If you are an unauthorized enterprise user, we recommend that you use the open source Rancher Desktop.
The pyodps-pack
tool is not tested in other Docker environments, such as minikube
. The availability of the tool in these environments cannot be ensured.
If you use the Windows operating system, Windows Server may be required for your Docker service to start. However, Windows Server is disabled by a large number of enterprises due to security concerns. If issues occur, use the Linux operating system instead or try to start Windows Server. If Rancher Desktop is used, containerd
may not be used as a container engine in Windows 10. You can try to use dockerd
instead. For more information about how to configure a container engine, see Container Engine.
Non-Docker mode
If your environment supports Docker, we recommend that you package all PyODPS dependencies, code, and code in a Git repository in Docker mode. You can consider using the non-Docker mode only when your environment does not support Docker. The packages generated in non-Docker mode may not be available.
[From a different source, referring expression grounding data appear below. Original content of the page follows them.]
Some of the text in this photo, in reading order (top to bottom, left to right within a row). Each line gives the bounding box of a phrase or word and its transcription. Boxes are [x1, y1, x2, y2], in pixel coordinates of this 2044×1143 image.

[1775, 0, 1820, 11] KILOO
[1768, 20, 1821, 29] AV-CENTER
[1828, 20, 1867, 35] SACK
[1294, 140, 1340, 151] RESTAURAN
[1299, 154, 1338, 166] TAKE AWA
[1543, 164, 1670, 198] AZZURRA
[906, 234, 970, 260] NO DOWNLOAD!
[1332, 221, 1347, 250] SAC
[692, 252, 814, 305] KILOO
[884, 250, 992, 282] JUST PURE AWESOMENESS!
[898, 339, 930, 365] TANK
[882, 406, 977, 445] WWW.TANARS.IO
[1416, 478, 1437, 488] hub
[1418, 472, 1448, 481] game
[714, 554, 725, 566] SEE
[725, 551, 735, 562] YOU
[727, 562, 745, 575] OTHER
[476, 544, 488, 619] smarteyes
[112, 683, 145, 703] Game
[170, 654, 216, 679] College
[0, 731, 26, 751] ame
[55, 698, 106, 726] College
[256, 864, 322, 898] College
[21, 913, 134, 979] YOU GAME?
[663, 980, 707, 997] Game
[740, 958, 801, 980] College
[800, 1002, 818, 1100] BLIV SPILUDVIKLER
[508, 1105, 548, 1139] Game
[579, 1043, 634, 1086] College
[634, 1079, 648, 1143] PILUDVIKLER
If you have difficulties in installing Docker, you can try to use the non-Docker mode by adding the --without-docker
parameter. Before you use the non-Docker mode, you must install pip in your Python environment. If you encounter an error or the package that is generated cannot be used when you run the pyodps-pack
commands in non-Docker mode, use the Docker mode instead. If Windows users want to use the non-Docker mode, the users need to install Git Bash, which is included in Git for Windows.
Generate a package
Limits
We recommend that you generate a package in Python 3 for newly created projects in MaxCompute. If you perform the following steps in Python 2, the packaging operation may fail.
For existing projects, we recommend that you migrate these projects to Python 3. This helps simplify subsequent maintenance operations.
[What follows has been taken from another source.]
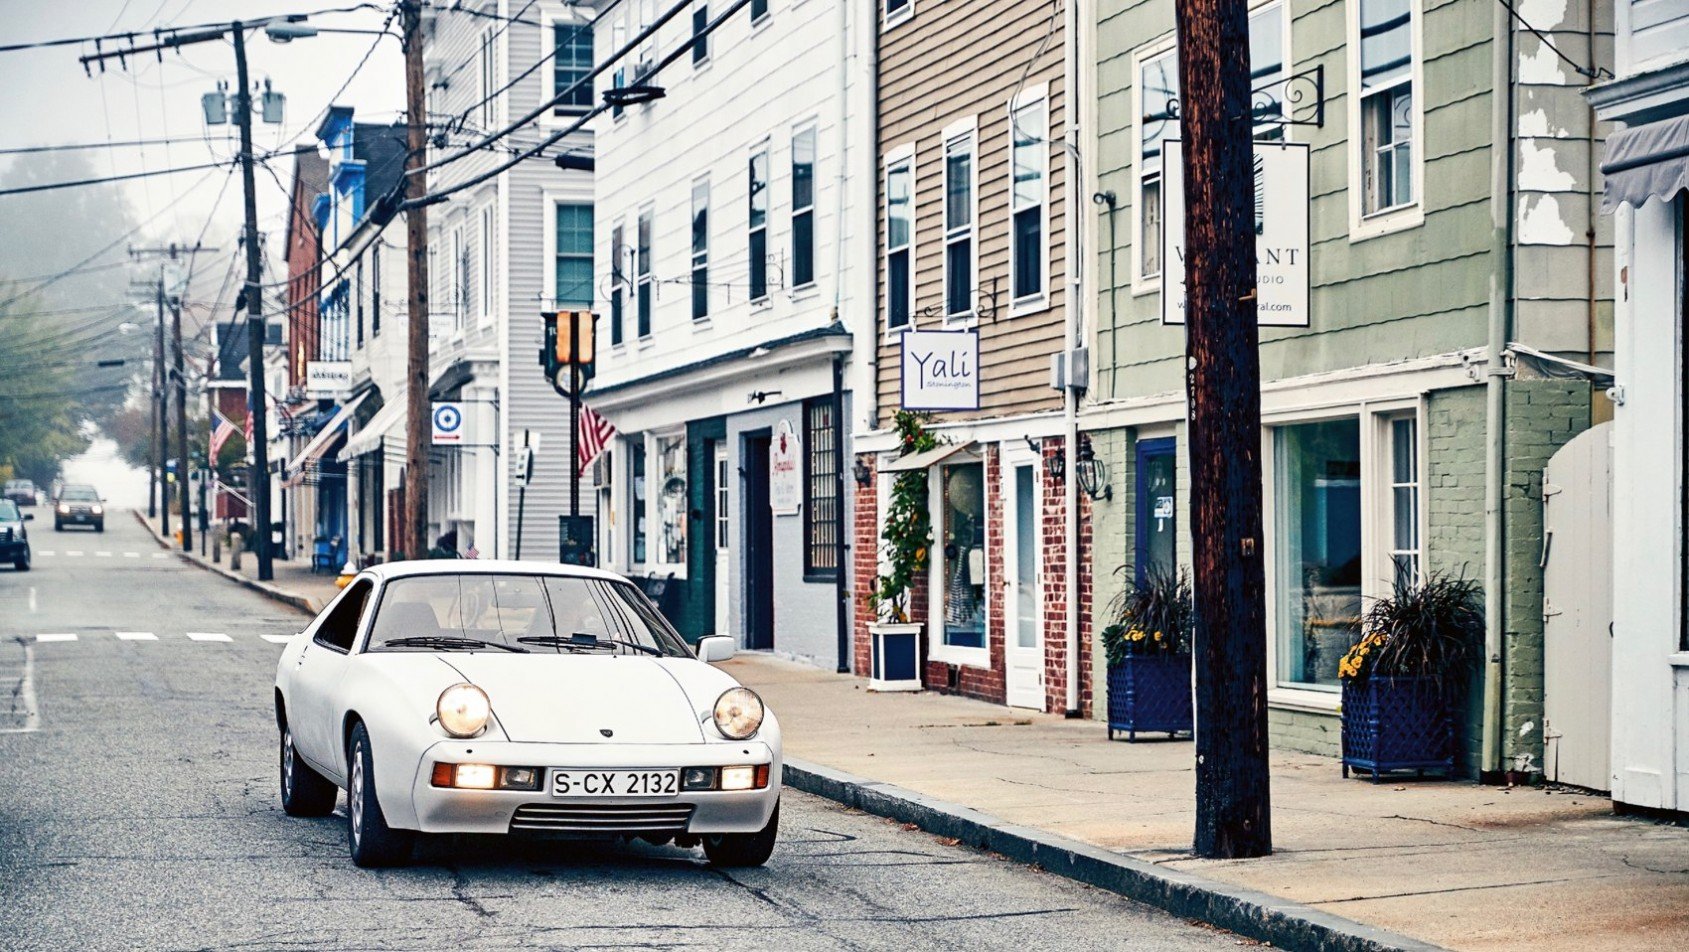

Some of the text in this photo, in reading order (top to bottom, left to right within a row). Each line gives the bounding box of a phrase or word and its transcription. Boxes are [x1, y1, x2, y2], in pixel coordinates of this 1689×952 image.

[910, 349, 971, 390] Yali
[555, 773, 676, 794] S-CX 2132
When you run the following commands in the Linux operating system, you need to use
sudo
to call thepyodps-pack
tool. This ensures normal operations of Docker.To avoid possible permission errors, do not use sudo to call the pyodps-pack tool when you run commands in the following sections in macOS.
Package all dependencies
Specific Python packages may have some optional dependencies. For example, pandas depends on the openpyxl package when you use the to_excel method. pyodps-pack
cannot automatically include the optional dependencies. You must manually add these dependencies to the packaging command based on the related description in the third-party package documentation.
After you install PyODPS, you can run the following commands to package pandas and pandas dependencies for Python 3 in the local CLI:
Package all dependencies in Docker mode.
pyodps-pack pandas
Package all dependencies in non-Docker mode.
pyodps-pack --without-docker pandas
Specify the pandas version for packaging dependencies.
pyodps-pack pandas==1.2.5
After you perform the packaging operations, the versions of all dependency packages are displayed in the pyodps-pack tool, as shown in the following code. The packages.tar.gz
file is generated in the current directory. The file contains the following dependency packages:
Package Version
--------------- -------
numpy 1.21.6
pandas 1.2.5
python-dateutil 2.8.2
pytz 2022.6
six 1.16.0
If you want to generate a package in Python 2.7, check whether the generated package is used in MaxCompute or DataWorks. For more information, see PyODPS DataFrame.
If you want to use the generated package in MaxCompute, run the following command:
pyodps-pack --mcpy27 pandas
If you want to use the generated package in DataWorks, run the following command:
pyodps-pack --dwpy27 pandas
Package custom code
You can use the pyodps-pack
tool to package custom Python projects that are created based on the setup.py
or pyproject.toml
file. For more information, see Build System Interface.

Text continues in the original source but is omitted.